UNESCO’s Guidelines for the Promotion of Open Access are to serve decision makers and funders of scientific research, and form a part of UNESCO’s strategy plan for Open Access. The paper, written by Alma Swan, one of the leading experts in the field of Open Access, the co-maker of Open Access Map and a team member of Open Oasis group, also serves the whole community as a smaller overview of recent and crucial issues in making Open Access a reality and a gateway to a wider, bigger ecosystem of Open.
“Open Access is a new way of disseminating research information, made possible because of the World Wide Web,” and, to dismantle any myths still hanging in the air, Open Access means not just any information available online, but, Swan continues, “the term Open Access tends to be used about information made available in one of two structured ways.” It implies either journals deposited in repositories (either subject specific, or in more broad, institutional repositories), or journals published by open access publishers. “Open Access journals also contribute to the corpus of openly available literature,” Swan reminds us, “there are around 7,000 of these at the moment, altogether offering over 600,000 articles.”

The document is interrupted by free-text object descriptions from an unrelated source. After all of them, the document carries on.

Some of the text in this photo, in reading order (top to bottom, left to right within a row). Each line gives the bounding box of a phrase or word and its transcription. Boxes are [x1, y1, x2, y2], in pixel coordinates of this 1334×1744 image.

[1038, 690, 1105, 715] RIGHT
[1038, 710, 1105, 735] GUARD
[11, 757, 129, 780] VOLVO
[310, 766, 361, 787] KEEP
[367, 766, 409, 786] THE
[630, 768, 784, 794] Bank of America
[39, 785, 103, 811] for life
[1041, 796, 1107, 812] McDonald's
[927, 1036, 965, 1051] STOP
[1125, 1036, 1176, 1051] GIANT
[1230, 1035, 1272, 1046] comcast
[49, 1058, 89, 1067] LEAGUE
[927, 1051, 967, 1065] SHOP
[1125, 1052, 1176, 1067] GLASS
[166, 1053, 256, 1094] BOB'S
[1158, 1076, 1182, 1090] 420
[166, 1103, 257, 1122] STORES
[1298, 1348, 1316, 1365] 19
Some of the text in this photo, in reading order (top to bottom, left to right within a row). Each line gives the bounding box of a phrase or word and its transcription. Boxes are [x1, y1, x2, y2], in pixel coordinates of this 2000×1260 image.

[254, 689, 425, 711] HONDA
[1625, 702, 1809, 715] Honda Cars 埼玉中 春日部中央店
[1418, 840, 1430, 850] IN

The paper decouples the formal definitions of open access (from Budapest, Berlin and Bethesda declarations), explains the main concepts such as the difference between libre and gratis open access, the green and gold route to open access, the historical developments that led to the creation of open access policies, and could be read as a basic text on Open Access and related policies.
Access Denied: Obviously, An Issue
Access problems to research literature are still, obviously, a vital issue discussed among both European politicians and politicians worldwide. The paper highlights but a few initiatives/facts that prove so:
The Research Information Network (RIN) in the UK, concluded in a meta-report that brought together the findings from five RIN-sponsored studies carried out on discovery and access, that ‘the key finding is that access is still a major concern for researchers’
On a global scale, the SOAP study, a large, 3-year, publisher-led, EU-funded project looking at Open Access and publishing, surveyed 40,000 researchers across the world and found that 37% of respondents said they could find all the articles they need ‘only rarely or with difficulty’
The UK’s ‘Elite 5’ universities, those with libraries expected to be the best-resourced in the country, show inter-library loan costs for journal articles currently averaging around USD 50,000 per year
A World Health Organization survey carried out in the year 2000 found that researchers in developing countries claim access to subscription-based journals to be one of their most pressing problems. This survey found that in countries where the per capita income is less than USD 1000 per annum, 56% of research institutions had no current subscriptions to international journals, nor had for the previous 5 years
“Altogether, however,” Swan explains, “the current overall percentage of the literature that is openly available can be assumed to be currently around 30%.” Swan argues as well that “Open Access to research outputs is not an isolated concept. It sits within a broad ecosystem of ‘open’ issues that are taking root in the scientific research sphere.” Open Access is now widely seen, and even discussed in mainstream media as “an important early step in a move towards creating a knowledge commons and building true knowledge societies.” As a crucial piece of a much bigger jigsaw, Open Access should be promoted on three levels: policies should be created, advocacy should support the implementation of such policies and better online infrastructure should be developed.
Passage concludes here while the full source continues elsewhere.